[Collected data]
┏━━
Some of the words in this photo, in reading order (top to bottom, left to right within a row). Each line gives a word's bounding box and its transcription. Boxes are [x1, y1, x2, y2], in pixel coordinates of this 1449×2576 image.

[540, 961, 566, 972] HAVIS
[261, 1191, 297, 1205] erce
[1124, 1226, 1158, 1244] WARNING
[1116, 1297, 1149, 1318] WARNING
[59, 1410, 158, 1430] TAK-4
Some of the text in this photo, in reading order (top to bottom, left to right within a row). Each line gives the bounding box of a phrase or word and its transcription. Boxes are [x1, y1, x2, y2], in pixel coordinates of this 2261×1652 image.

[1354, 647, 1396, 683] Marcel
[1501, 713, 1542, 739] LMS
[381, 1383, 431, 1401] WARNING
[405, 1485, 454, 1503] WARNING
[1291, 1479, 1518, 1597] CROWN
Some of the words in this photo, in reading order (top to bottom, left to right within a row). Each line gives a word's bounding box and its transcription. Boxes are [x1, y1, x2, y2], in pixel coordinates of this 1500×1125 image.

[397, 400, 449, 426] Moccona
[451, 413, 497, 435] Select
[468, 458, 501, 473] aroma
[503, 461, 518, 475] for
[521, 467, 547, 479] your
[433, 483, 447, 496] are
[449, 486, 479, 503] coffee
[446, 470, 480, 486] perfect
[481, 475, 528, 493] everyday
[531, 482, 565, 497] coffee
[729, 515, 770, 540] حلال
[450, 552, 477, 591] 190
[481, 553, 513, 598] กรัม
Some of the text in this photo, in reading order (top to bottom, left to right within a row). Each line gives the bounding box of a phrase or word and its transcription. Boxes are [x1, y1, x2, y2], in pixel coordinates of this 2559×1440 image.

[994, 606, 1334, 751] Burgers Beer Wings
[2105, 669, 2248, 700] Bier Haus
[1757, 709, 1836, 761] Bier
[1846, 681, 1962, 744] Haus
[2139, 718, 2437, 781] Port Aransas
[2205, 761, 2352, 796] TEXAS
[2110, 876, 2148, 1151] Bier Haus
┗━━
◆ **REQUIREMENT**:
Reproduce the records exactly as they appear.

◆ **OUTPUT FOR THIS EXERCISE**:
Some of the words in this photo, in reading order (top to bottom, left to right within a row). Each line gives a word's bounding box and its transcription. Boxes are [x1, y1, x2, y2], in pixel coordinates of this 1449×2576 image.

[540, 961, 566, 972] HAVIS
[261, 1191, 297, 1205] erce
[1124, 1226, 1158, 1244] WARNING
[1116, 1297, 1149, 1318] WARNING
[59, 1410, 158, 1430] TAK-4
Some of the text in this photo, in reading order (top to bottom, left to right within a row). Each line gives the bounding box of a phrase or word and its transcription. Boxes are [x1, y1, x2, y2], in pixel coordinates of this 2261×1652 image.

[1354, 647, 1396, 683] Marcel
[1501, 713, 1542, 739] LMS
[381, 1383, 431, 1401] WARNING
[405, 1485, 454, 1503] WARNING
[1291, 1479, 1518, 1597] CROWN
Some of the words in this photo, in reading order (top to bottom, left to right within a row). Each line gives a word's bounding box and its transcription. Boxes are [x1, y1, x2, y2], in pixel coordinates of this 1500×1125 image.

[397, 400, 449, 426] Moccona
[451, 413, 497, 435] Select
[468, 458, 501, 473] aroma
[503, 461, 518, 475] for
[521, 467, 547, 479] your
[433, 483, 447, 496] are
[449, 486, 479, 503] coffee
[446, 470, 480, 486] perfect
[481, 475, 528, 493] everyday
[531, 482, 565, 497] coffee
[729, 515, 770, 540] حلال
[450, 552, 477, 591] 190
[481, 553, 513, 598] กรัม
Some of the text in this photo, in reading order (top to bottom, left to right within a row). Each line gives the bounding box of a phrase or word and its transcription. Boxes are [x1, y1, x2, y2], in pixel coordinates of this 2559×1440 image.

[994, 606, 1334, 751] Burgers Beer Wings
[2105, 669, 2248, 700] Bier Haus
[1757, 709, 1836, 761] Bier
[1846, 681, 1962, 744] Haus
[2139, 718, 2437, 781] Port Aransas
[2205, 761, 2352, 796] TEXAS
[2110, 876, 2148, 1151] Bier Haus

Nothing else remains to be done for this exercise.